**WHAT YOU SHOULD DO**
Go through the data underneath and copy every line exactly.

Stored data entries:
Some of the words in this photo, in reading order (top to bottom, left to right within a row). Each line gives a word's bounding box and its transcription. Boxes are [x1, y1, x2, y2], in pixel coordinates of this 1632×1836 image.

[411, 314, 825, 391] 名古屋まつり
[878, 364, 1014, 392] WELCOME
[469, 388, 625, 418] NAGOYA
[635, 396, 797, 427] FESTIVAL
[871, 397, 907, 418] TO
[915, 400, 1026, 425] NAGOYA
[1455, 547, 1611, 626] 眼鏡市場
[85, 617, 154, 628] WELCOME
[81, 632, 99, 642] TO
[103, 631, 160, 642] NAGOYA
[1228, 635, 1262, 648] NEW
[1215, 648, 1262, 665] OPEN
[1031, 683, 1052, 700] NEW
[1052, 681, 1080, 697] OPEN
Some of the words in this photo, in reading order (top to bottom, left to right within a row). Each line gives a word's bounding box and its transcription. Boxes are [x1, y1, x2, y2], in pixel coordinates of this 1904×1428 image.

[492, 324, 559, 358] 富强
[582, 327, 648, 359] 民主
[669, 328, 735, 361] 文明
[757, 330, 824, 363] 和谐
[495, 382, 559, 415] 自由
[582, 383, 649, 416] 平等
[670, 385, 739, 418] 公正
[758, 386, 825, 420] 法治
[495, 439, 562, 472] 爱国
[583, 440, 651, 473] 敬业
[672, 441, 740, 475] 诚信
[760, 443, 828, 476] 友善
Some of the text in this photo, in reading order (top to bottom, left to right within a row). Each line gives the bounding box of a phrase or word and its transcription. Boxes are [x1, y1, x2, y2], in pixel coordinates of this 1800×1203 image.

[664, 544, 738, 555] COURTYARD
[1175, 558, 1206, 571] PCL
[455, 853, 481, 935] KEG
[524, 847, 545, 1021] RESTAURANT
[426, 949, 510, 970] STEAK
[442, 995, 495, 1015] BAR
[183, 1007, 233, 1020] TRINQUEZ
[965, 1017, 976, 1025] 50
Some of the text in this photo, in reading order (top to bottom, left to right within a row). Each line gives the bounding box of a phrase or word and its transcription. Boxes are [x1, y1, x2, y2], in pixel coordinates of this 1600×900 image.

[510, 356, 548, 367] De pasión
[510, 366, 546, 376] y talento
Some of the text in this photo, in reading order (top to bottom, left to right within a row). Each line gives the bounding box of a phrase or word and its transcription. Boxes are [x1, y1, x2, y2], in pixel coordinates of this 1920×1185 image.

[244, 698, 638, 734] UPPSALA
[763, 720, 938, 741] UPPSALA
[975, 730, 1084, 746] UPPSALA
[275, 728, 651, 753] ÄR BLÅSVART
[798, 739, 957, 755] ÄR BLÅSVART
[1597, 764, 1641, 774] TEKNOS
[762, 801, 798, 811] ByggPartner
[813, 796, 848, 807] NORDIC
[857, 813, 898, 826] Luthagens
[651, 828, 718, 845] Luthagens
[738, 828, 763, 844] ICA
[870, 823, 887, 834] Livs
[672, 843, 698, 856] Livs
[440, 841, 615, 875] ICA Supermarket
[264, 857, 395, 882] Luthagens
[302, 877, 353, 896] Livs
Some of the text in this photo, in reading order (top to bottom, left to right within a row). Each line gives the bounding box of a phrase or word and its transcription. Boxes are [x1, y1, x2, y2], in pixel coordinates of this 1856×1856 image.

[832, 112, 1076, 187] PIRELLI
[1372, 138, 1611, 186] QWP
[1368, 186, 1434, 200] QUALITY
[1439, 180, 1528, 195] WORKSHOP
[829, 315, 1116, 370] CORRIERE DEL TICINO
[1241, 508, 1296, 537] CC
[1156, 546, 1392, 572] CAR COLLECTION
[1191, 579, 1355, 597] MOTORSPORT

**RESULT BELOW**
Some of the words in this photo, in reading order (top to bottom, left to right within a row). Each line gives a word's bounding box and its transcription. Boxes are [x1, y1, x2, y2], in pixel coordinates of this 1632×1836 image.

[411, 314, 825, 391] 名古屋まつり
[878, 364, 1014, 392] WELCOME
[469, 388, 625, 418] NAGOYA
[635, 396, 797, 427] FESTIVAL
[871, 397, 907, 418] TO
[915, 400, 1026, 425] NAGOYA
[1455, 547, 1611, 626] 眼鏡市場
[85, 617, 154, 628] WELCOME
[81, 632, 99, 642] TO
[103, 631, 160, 642] NAGOYA
[1228, 635, 1262, 648] NEW
[1215, 648, 1262, 665] OPEN
[1031, 683, 1052, 700] NEW
[1052, 681, 1080, 697] OPEN
Some of the words in this photo, in reading order (top to bottom, left to right within a row). Each line gives a word's bounding box and its transcription. Boxes are [x1, y1, x2, y2], in pixel coordinates of this 1904×1428 image.

[492, 324, 559, 358] 富强
[582, 327, 648, 359] 民主
[669, 328, 735, 361] 文明
[757, 330, 824, 363] 和谐
[495, 382, 559, 415] 自由
[582, 383, 649, 416] 平等
[670, 385, 739, 418] 公正
[758, 386, 825, 420] 法治
[495, 439, 562, 472] 爱国
[583, 440, 651, 473] 敬业
[672, 441, 740, 475] 诚信
[760, 443, 828, 476] 友善
Some of the text in this photo, in reading order (top to bottom, left to right within a row). Each line gives the bounding box of a phrase or word and its transcription. Boxes are [x1, y1, x2, y2], in pixel coordinates of this 1800×1203 image.

[664, 544, 738, 555] COURTYARD
[1175, 558, 1206, 571] PCL
[455, 853, 481, 935] KEG
[524, 847, 545, 1021] RESTAURANT
[426, 949, 510, 970] STEAK
[442, 995, 495, 1015] BAR
[183, 1007, 233, 1020] TRINQUEZ
[965, 1017, 976, 1025] 50
Some of the text in this photo, in reading order (top to bottom, left to right within a row). Each line gives the bounding box of a phrase or word and its transcription. Boxes are [x1, y1, x2, y2], in pixel coordinates of this 1600×900 image.

[510, 356, 548, 367] De pasión
[510, 366, 546, 376] y talento
Some of the text in this photo, in reading order (top to bottom, left to right within a row). Each line gives the bounding box of a phrase or word and its transcription. Boxes are [x1, y1, x2, y2], in pixel coordinates of this 1920×1185 image.

[244, 698, 638, 734] UPPSALA
[763, 720, 938, 741] UPPSALA
[975, 730, 1084, 746] UPPSALA
[275, 728, 651, 753] ÄR BLÅSVART
[798, 739, 957, 755] ÄR BLÅSVART
[1597, 764, 1641, 774] TEKNOS
[762, 801, 798, 811] ByggPartner
[813, 796, 848, 807] NORDIC
[857, 813, 898, 826] Luthagens
[651, 828, 718, 845] Luthagens
[738, 828, 763, 844] ICA
[870, 823, 887, 834] Livs
[672, 843, 698, 856] Livs
[440, 841, 615, 875] ICA Supermarket
[264, 857, 395, 882] Luthagens
[302, 877, 353, 896] Livs
Some of the text in this photo, in reading order (top to bottom, left to right within a row). Each line gives the bounding box of a phrase or word and its transcription. Boxes are [x1, y1, x2, y2], in pixel coordinates of this 1856×1856 image.

[832, 112, 1076, 187] PIRELLI
[1372, 138, 1611, 186] QWP
[1368, 186, 1434, 200] QUALITY
[1439, 180, 1528, 195] WORKSHOP
[829, 315, 1116, 370] CORRIERE DEL TICINO
[1241, 508, 1296, 537] CC
[1156, 546, 1392, 572] CAR COLLECTION
[1191, 579, 1355, 597] MOTORSPORT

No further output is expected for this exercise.